Conséquences pour les acteurs locaux
Pour les agriculteurs, les limitations de prélèvements peuvent compliquer la gestion des irrigations en pleine saison estivale. Les industriels dont les process nécessitent un apport en eau sont aussi concernés par d’éventuelles adaptations. Les collectivités doivent, quant à elles, anticiper la communication aux habitants et les actions de réduction de la consommation domestique (réduction des arrosages non essentiels, nettoyage des espaces publics, etc.).
La préservation de l’eau est vécue comme un impératif collectif : sur un territoire déjà soumis à des épisodes caniculaires et à la pression touristique estivale, chaque geste compte pour éviter des coupures ou des restrictions plus drastiques.
Ce que peuvent faire les habitants
- Limiter l’arrosage des jardins aux heures autorisées et privilégier l’arrosage ciblé.
- Réduire la fréquence des lavages extérieurs (voitures, façades, terrasses).
- Contrôler les fuites et optimiser les appareils ménagers (lave‑linge, lave‑vaisselle).
- Respecter les consignes locales de prélèvement et d’usage de l’eau.

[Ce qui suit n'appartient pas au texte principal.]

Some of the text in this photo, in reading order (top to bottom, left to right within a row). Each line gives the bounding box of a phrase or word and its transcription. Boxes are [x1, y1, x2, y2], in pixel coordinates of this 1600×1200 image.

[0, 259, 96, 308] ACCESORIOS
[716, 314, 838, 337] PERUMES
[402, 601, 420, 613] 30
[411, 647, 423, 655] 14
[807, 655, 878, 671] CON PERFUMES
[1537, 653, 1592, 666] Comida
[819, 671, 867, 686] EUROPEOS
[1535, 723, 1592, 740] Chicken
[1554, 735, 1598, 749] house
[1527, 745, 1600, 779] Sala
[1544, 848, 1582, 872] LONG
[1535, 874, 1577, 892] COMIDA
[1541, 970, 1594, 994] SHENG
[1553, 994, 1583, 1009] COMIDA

Sur le littoral et dans les zones touristiques, la vigilance est de mise : la demande augmente en été, il faudra sans doute compter sur chacun pour ménager la ressource.
Le comité se réunira à nouveau si les indicateurs hydrologiques l’exigent. En attendant, la préfecture et les partenaires professionnels maintiennent un monitoring rapproché afin d’anticiper et, si nécessaire, ajuster les mesures protectrices pour préserver les équilibres aquatiques du département.